Is this what Vladimir Putin meant when he said he wanted to establish a "dictatorship of law"?
The mass killing of 12 people -- including four children -- at a farmer's home in the town of Kushchevskaya in Krasnodar Krai has put a bright spotlight on the close links that have long existed between Russian law enforcement and organized crime.
Some 20 men are alleged to have participated in the November 5 attack, in which most of the victims were stabbed to death.
Police have arrested the alleged ringleader, Sergei Tsapok, who Russian media identified as the head of an agricultural holding company that has been pressuring farmers to hand over their land. The farmer who was killed along with his family and house guests had refused.
Tsapok -- a former local legislator who media reports say attended President Dmitry Medvedev's 2008 inauguration -- has close ties to police and prosecutors in the region, who had been shielding him from prosecution for previous crimes. Also among those arrested was Aleksandr Khodych, who headed the antiextremism department in the regional Interior Ministry.
Medvedev has fired the regional police chief, Sergei Kucheruka, and ordered Krasnodar Governor Aleksandr Tkachev and regional envoy Vladimir Ustinov to find and fire any officials involved with Tsapok's alleged criminal activities.
On December 6, Yekaterina Rogoza, a Kushchevskaya police investigator, appealed to Medvedev in a video posted on YouTube, saying she was afraid that her superiors would seek to shift blame for protecting Tsapok to lower-ranking police officers who had little choice but to carry out their superiors' orders.
WATCH THE VIDEO (in Russian):
Rogoza said she had been investigating a member of Tsapok's gang, Vladimir Alekseyev, for allegedly extorting 2 million rubles from a man in 2009 by forcing him to sign a fraudulent loan agreement. An unidentified prosecutor forced her to drop the case. Alekseyev has since been implicated in the mass killing on November 5.
Rogoza's video appeal came just days after her name surfaced in press reports, alleging that she "refused to initiate criminal proceedings for at least four times" against Alekseyev, suggesting that she was indeed being set up to take the fall for her superiors.
Russian media reports that Tsapok’s gang has acted with impunity and lorded over a "reign of terror" that lasted nearly 20 years. Among other crimes like extortion, investigators are also looking into 28 rapes that could be linked to the gang.
On December 6, the Kremlin announced that Medvedev had ordered Prosecutor-General Yury Chaika to take control of an investigation into the mass killing and alleged cover-up.

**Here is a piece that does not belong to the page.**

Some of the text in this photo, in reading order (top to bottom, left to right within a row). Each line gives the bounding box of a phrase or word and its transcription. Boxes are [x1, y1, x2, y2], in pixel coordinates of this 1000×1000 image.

But if the experience of previous whistle-blowing cops who took their cases public on YouTube and other video-sharing sites is any indication, Rogoza could be in for a very rough ride. In a recent article in Global Voices Online, Aleksei Siderenko writes that most of the online whistle-blowers -- beginning with the original YouTube cop Aleksei Dymovsky -- have ended up being prosecuted themselves.

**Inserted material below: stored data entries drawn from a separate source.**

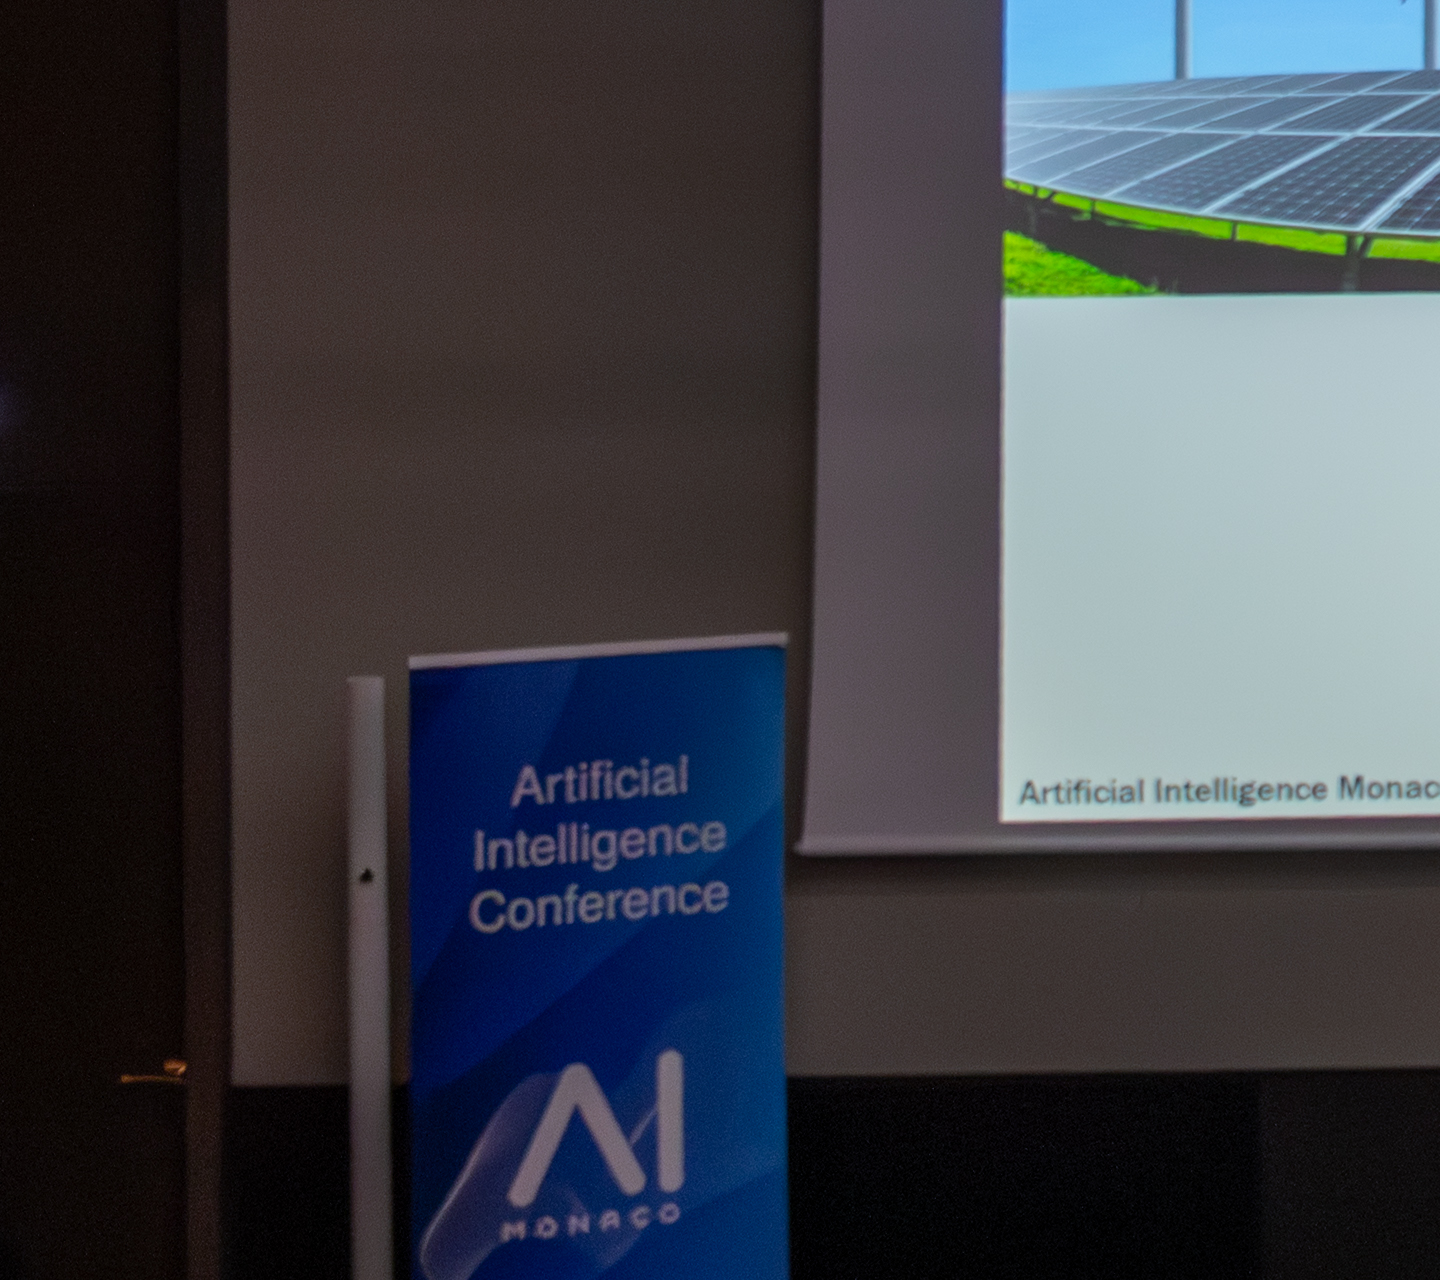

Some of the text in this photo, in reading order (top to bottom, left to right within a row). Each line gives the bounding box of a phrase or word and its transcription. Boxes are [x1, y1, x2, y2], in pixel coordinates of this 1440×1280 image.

[510, 754, 689, 808] Artificial
[1018, 778, 1146, 806] Artificial
[1153, 776, 1330, 808] Intelligence
[473, 820, 728, 872] Intelligence
[468, 880, 730, 934] Conference
[506, 1048, 685, 1208] AI
[501, 1201, 682, 1244] MONACO

Most recently, Grigory Chekalin, a deputy prosecutor in Ukhta, was sentenced to 18 months in a penal colony after he alleged in a video that his superiors falsified evidence and framed innocent people in an arson case.
Speaking to "Nezavisimaya gazeta," Gennady Gudkov, a member of the State Duma Security Committee, says most people involved in serious criminal activity in Russia have some form of "krysha," or protection, from above:
Gudkov's comment is fine as far as it goes. I would add that the corrupt offical in the regional Interior Ministry has protection from another corrupt official in the federal Interior Ministry, who in turn has protection from somebody in the FSB or the Kremlin.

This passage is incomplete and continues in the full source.